Still, as I realized while making my 2013 resolutions, losing two pounds each week this year would put me down to 165 pounds. That would be fantastic. And it's not that crazy of a dream. Yet, I don't want to set a deadline for myself. When I do that, I fail. I have a bad week, panic, decide I'll never catch up, and quit. This time, I'm taking things slowly. I'm trying not to let the bad weeks (like this one) bring me down. It's hard, but I'm serious about this. I'm tired of being fat.

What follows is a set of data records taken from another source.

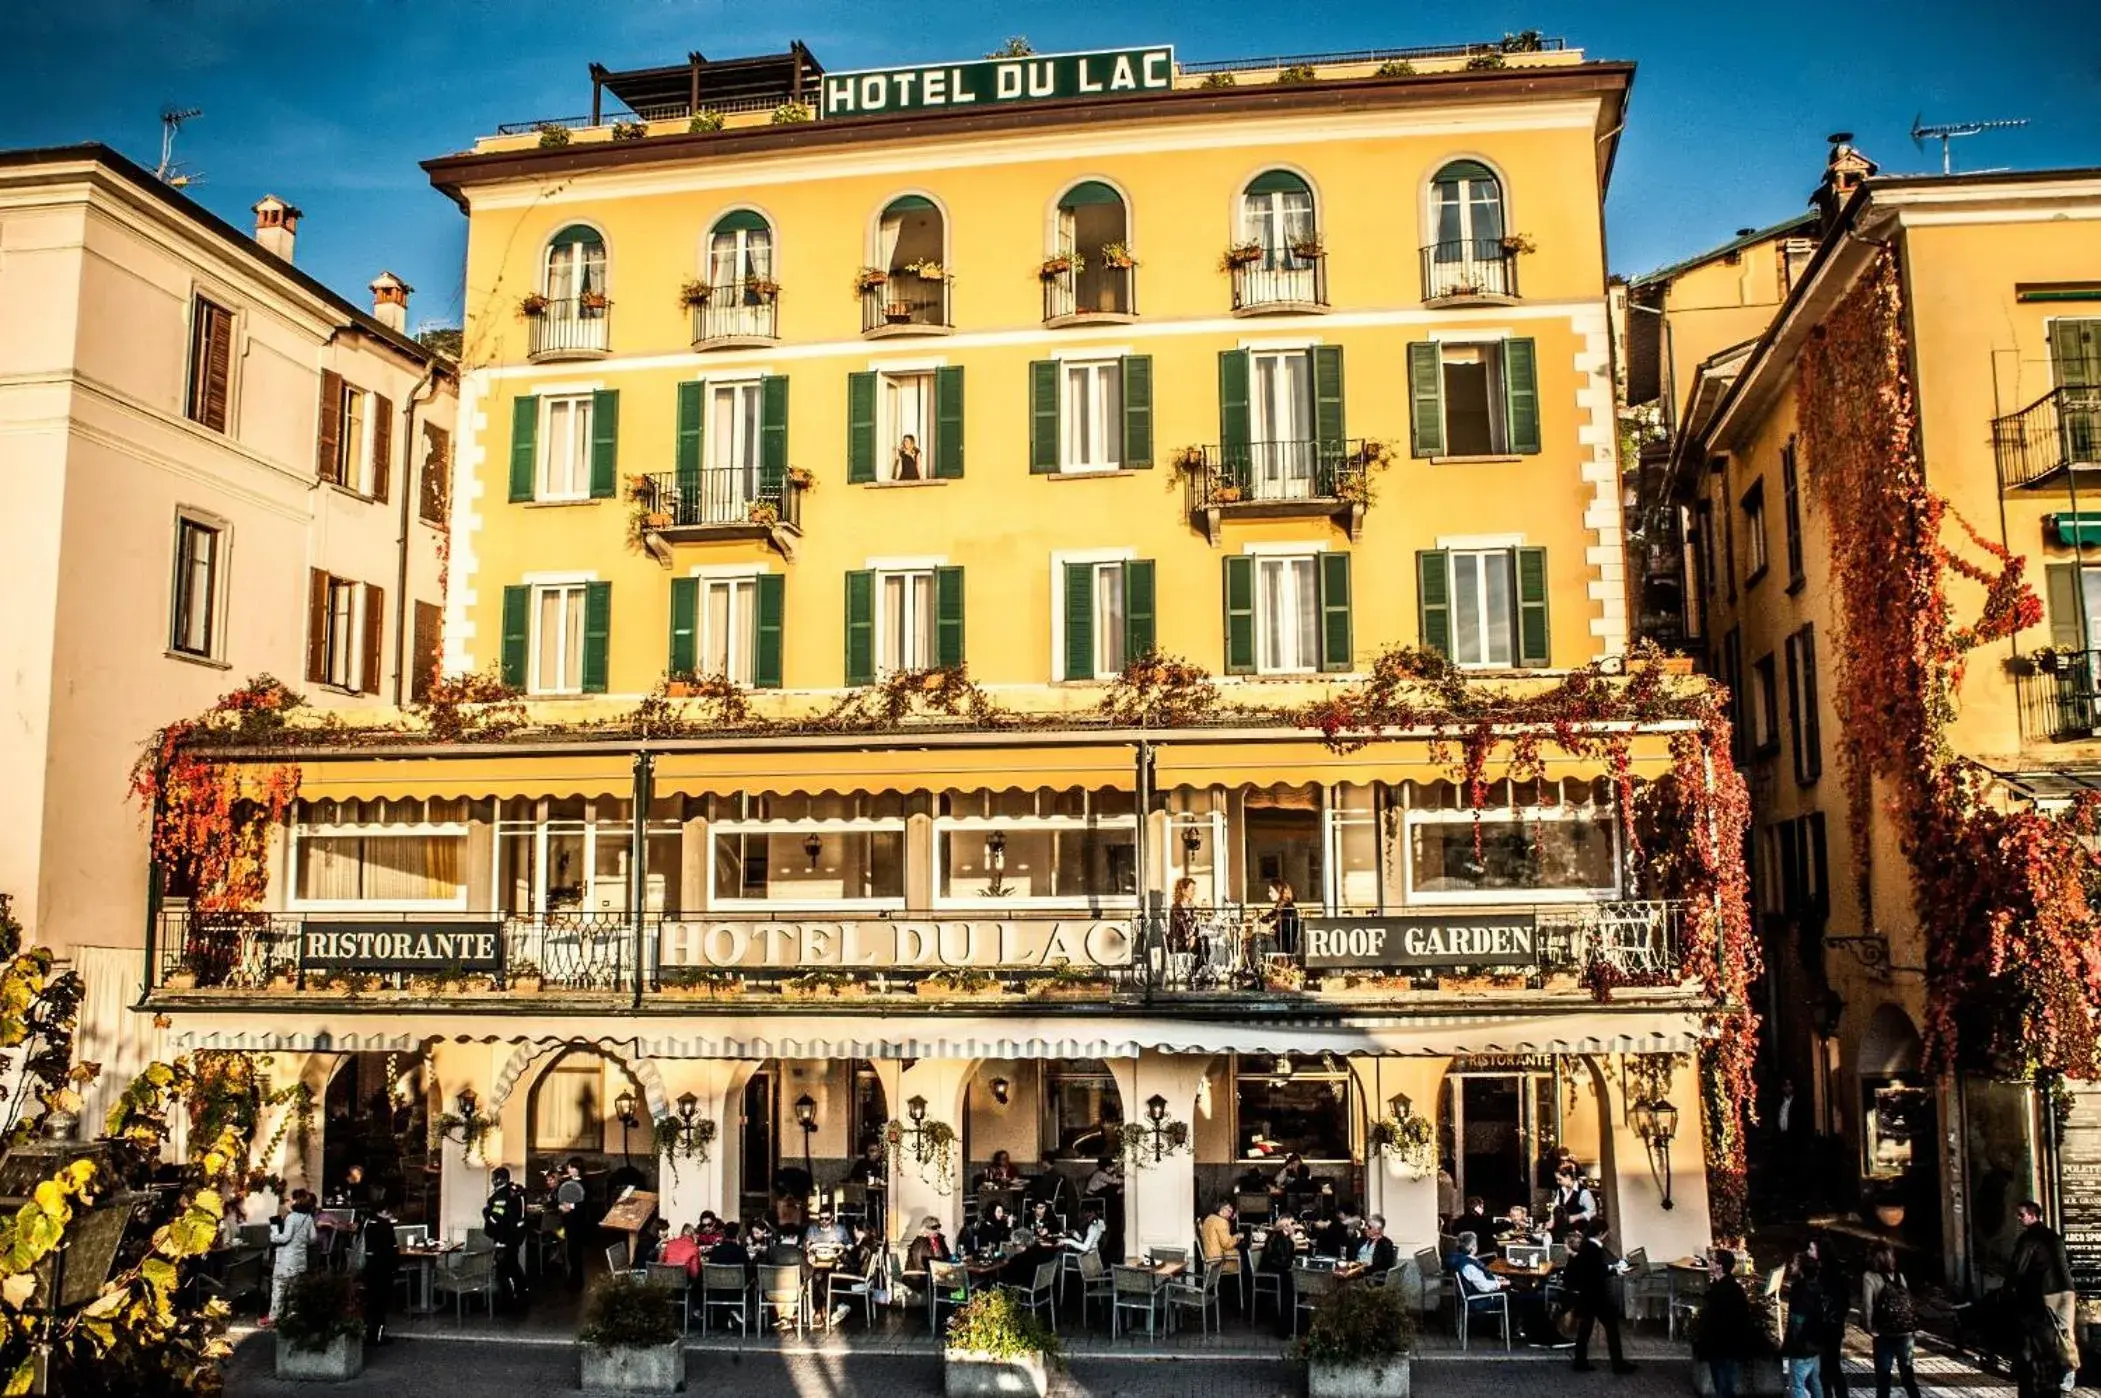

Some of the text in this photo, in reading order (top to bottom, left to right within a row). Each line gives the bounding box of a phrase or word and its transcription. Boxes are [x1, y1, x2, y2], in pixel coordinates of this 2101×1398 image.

[828, 52, 1167, 113] HOTEL DU LAC
[305, 932, 495, 960] RISTORANTE
[660, 921, 1131, 967] HOTEL DU LAC
[1306, 926, 1534, 958] ROOF GARDEN
[1469, 1053, 1551, 1066] RISTORANTE

And I don't just mean looking fat--I'm tired of my fat trapping me and keeping me from enjoying things I can't do right now. I need to be healthier, and if I have a setback I need to put on my big girl panties and get the fuck over it. Everyone has bad weeks. Okay, I'm opening a bottle of cold water right now and I'm forcing myself to drink it all. It's time to suck it up and get back on track. I'm going to make this a good year! I owe it to myself. It's time. I'm ready.
 
*I know this is super creepy, but my biggest all-time fantasy has been to be in Playboy. That's the fantasy that kept me up at night in high school and college, and even now I catch myself wistfully imagining myself posing nude, stretched out on a faux fur rug with the Playboy photographer and makeup artists swarming around me. But I AM A FEMINIST. I majored in Women's Studies. I've marched in Washington DC for the World March for Women. I hate the thought of women losing their power. I should not be so absorbed with the thought of being objectified like that. But...I do think there's a lot to be said for a woman's capacity for sexual power, and I like to think that the sex industry and feminism are not mutually exclusive. There are many insightful articles, studies, books, and blogs about this, and they all put it more eloquently than I can. Women can use their sexuality and feel empowered. But I still feel dirty about wanting so badly to pose for Playboy. Right this second, I'm fantasizing about losing enough weight (and, of course, magically having taut skin, no stretch marks, still-large perky boobs, etc.) to send in my photos to Hugh. YEAH RIGHT. I'm turning 31 next month, I'm still well over 100 pounds away from a healthy weight, and gravity definitely took its toll on all 304 pounds of me (and it's only going to get worse as I lose my stuffing). But...I can't help but think about it. I promised myself for years (lying awake, crying, swearing that I'd start to work out and eat right the very next day) that I'd be Playboy-ready by the time I turned 30. I think that's one reason why turning 30 was so devastating for me. All throughout my twenties, I swore I'd lose weight before I hit the big 3-0. And I failed. Just like I failed to lose weight and shock everyone at my ten year high school reunion--another fantasy of mine. But...I guess anything is possible still.  Maybe one day I'll grace those legendary Playboy pages and make women and men stop on my page and trace every curve with their eyes. I'll toss my hair and arch my back and make my parents and my Women's Studies professors die a little inside. Um. Dream big!